*** Block opens ***
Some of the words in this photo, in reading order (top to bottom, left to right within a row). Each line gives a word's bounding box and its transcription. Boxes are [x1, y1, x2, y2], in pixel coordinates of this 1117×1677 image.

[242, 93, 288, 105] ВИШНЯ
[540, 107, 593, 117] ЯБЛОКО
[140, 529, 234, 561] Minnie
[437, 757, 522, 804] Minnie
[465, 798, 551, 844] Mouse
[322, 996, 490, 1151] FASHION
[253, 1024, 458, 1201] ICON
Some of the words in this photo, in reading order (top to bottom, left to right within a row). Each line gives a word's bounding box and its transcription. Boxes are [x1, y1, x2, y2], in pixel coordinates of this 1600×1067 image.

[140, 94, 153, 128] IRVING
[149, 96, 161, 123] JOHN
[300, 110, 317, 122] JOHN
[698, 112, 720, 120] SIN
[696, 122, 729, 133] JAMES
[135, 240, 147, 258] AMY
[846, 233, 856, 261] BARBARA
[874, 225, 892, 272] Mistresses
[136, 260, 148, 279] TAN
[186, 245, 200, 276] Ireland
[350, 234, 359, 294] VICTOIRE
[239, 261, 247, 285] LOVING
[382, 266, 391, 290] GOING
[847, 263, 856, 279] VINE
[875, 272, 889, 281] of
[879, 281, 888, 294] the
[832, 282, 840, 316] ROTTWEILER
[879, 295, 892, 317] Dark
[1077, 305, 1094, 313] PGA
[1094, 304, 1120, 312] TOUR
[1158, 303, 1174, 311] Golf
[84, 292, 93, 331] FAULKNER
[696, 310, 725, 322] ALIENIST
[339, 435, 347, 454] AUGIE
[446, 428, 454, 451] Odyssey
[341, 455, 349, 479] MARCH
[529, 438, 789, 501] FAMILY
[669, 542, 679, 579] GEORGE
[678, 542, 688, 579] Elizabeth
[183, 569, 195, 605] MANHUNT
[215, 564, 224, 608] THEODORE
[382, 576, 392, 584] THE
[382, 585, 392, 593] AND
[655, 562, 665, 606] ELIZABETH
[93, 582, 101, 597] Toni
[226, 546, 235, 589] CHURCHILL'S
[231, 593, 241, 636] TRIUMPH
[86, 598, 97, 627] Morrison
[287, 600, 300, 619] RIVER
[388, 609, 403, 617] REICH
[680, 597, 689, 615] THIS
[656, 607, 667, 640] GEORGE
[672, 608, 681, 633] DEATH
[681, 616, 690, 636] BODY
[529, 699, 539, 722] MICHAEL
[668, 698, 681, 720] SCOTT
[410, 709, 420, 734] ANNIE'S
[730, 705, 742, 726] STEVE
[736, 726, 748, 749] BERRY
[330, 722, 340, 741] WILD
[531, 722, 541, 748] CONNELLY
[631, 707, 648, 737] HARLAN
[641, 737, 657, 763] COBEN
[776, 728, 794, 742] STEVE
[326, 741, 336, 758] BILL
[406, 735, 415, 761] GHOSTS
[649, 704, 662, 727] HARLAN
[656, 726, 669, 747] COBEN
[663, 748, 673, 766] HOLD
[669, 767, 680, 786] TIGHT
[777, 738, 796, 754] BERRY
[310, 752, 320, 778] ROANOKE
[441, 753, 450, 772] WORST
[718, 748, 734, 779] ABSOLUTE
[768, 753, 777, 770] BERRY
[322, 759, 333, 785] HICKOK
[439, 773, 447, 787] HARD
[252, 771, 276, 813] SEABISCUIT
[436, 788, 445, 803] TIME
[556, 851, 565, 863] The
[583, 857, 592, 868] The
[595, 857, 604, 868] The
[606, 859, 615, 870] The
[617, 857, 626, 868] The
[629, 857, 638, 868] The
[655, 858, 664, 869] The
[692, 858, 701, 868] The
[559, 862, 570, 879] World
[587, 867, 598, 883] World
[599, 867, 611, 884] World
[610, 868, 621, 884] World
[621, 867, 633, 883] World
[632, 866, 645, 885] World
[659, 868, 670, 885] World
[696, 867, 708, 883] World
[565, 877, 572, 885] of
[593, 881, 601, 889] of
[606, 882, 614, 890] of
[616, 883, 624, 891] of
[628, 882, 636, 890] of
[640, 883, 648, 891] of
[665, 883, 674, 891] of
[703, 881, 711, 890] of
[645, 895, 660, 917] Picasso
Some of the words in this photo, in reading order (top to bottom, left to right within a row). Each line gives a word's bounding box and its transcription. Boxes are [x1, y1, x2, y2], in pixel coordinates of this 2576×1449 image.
*** Block closes ***
§ **Your task**:
Exactly as they appear above, the records are to be transcribed in full.

§ **Your response**:
Some of the words in this photo, in reading order (top to bottom, left to right within a row). Each line gives a word's bounding box and its transcription. Boxes are [x1, y1, x2, y2], in pixel coordinates of this 1117×1677 image.

[242, 93, 288, 105] ВИШНЯ
[540, 107, 593, 117] ЯБЛОКО
[140, 529, 234, 561] Minnie
[437, 757, 522, 804] Minnie
[465, 798, 551, 844] Mouse
[322, 996, 490, 1151] FASHION
[253, 1024, 458, 1201] ICON
Some of the words in this photo, in reading order (top to bottom, left to right within a row). Each line gives a word's bounding box and its transcription. Boxes are [x1, y1, x2, y2], in pixel coordinates of this 1600×1067 image.

[140, 94, 153, 128] IRVING
[149, 96, 161, 123] JOHN
[300, 110, 317, 122] JOHN
[698, 112, 720, 120] SIN
[696, 122, 729, 133] JAMES
[135, 240, 147, 258] AMY
[846, 233, 856, 261] BARBARA
[874, 225, 892, 272] Mistresses
[136, 260, 148, 279] TAN
[186, 245, 200, 276] Ireland
[350, 234, 359, 294] VICTOIRE
[239, 261, 247, 285] LOVING
[382, 266, 391, 290] GOING
[847, 263, 856, 279] VINE
[875, 272, 889, 281] of
[879, 281, 888, 294] the
[832, 282, 840, 316] ROTTWEILER
[879, 295, 892, 317] Dark
[1077, 305, 1094, 313] PGA
[1094, 304, 1120, 312] TOUR
[1158, 303, 1174, 311] Golf
[84, 292, 93, 331] FAULKNER
[696, 310, 725, 322] ALIENIST
[339, 435, 347, 454] AUGIE
[446, 428, 454, 451] Odyssey
[341, 455, 349, 479] MARCH
[529, 438, 789, 501] FAMILY
[669, 542, 679, 579] GEORGE
[678, 542, 688, 579] Elizabeth
[183, 569, 195, 605] MANHUNT
[215, 564, 224, 608] THEODORE
[382, 576, 392, 584] THE
[382, 585, 392, 593] AND
[655, 562, 665, 606] ELIZABETH
[93, 582, 101, 597] Toni
[226, 546, 235, 589] CHURCHILL'S
[231, 593, 241, 636] TRIUMPH
[86, 598, 97, 627] Morrison
[287, 600, 300, 619] RIVER
[388, 609, 403, 617] REICH
[680, 597, 689, 615] THIS
[656, 607, 667, 640] GEORGE
[672, 608, 681, 633] DEATH
[681, 616, 690, 636] BODY
[529, 699, 539, 722] MICHAEL
[668, 698, 681, 720] SCOTT
[410, 709, 420, 734] ANNIE'S
[730, 705, 742, 726] STEVE
[736, 726, 748, 749] BERRY
[330, 722, 340, 741] WILD
[531, 722, 541, 748] CONNELLY
[631, 707, 648, 737] HARLAN
[641, 737, 657, 763] COBEN
[776, 728, 794, 742] STEVE
[326, 741, 336, 758] BILL
[406, 735, 415, 761] GHOSTS
[649, 704, 662, 727] HARLAN
[656, 726, 669, 747] COBEN
[663, 748, 673, 766] HOLD
[669, 767, 680, 786] TIGHT
[777, 738, 796, 754] BERRY
[310, 752, 320, 778] ROANOKE
[441, 753, 450, 772] WORST
[718, 748, 734, 779] ABSOLUTE
[768, 753, 777, 770] BERRY
[322, 759, 333, 785] HICKOK
[439, 773, 447, 787] HARD
[252, 771, 276, 813] SEABISCUIT
[436, 788, 445, 803] TIME
[556, 851, 565, 863] The
[583, 857, 592, 868] The
[595, 857, 604, 868] The
[606, 859, 615, 870] The
[617, 857, 626, 868] The
[629, 857, 638, 868] The
[655, 858, 664, 869] The
[692, 858, 701, 868] The
[559, 862, 570, 879] World
[587, 867, 598, 883] World
[599, 867, 611, 884] World
[610, 868, 621, 884] World
[621, 867, 633, 883] World
[632, 866, 645, 885] World
[659, 868, 670, 885] World
[696, 867, 708, 883] World
[565, 877, 572, 885] of
[593, 881, 601, 889] of
[606, 882, 614, 890] of
[616, 883, 624, 891] of
[628, 882, 636, 890] of
[640, 883, 648, 891] of
[665, 883, 674, 891] of
[703, 881, 711, 890] of
[645, 895, 660, 917] Picasso
Some of the words in this photo, in reading order (top to bottom, left to right within a row). Each line gives a word's bounding box and its transcription. Boxes are [x1, y1, x2, y2], in pixel coordinates of this 2576×1449 image.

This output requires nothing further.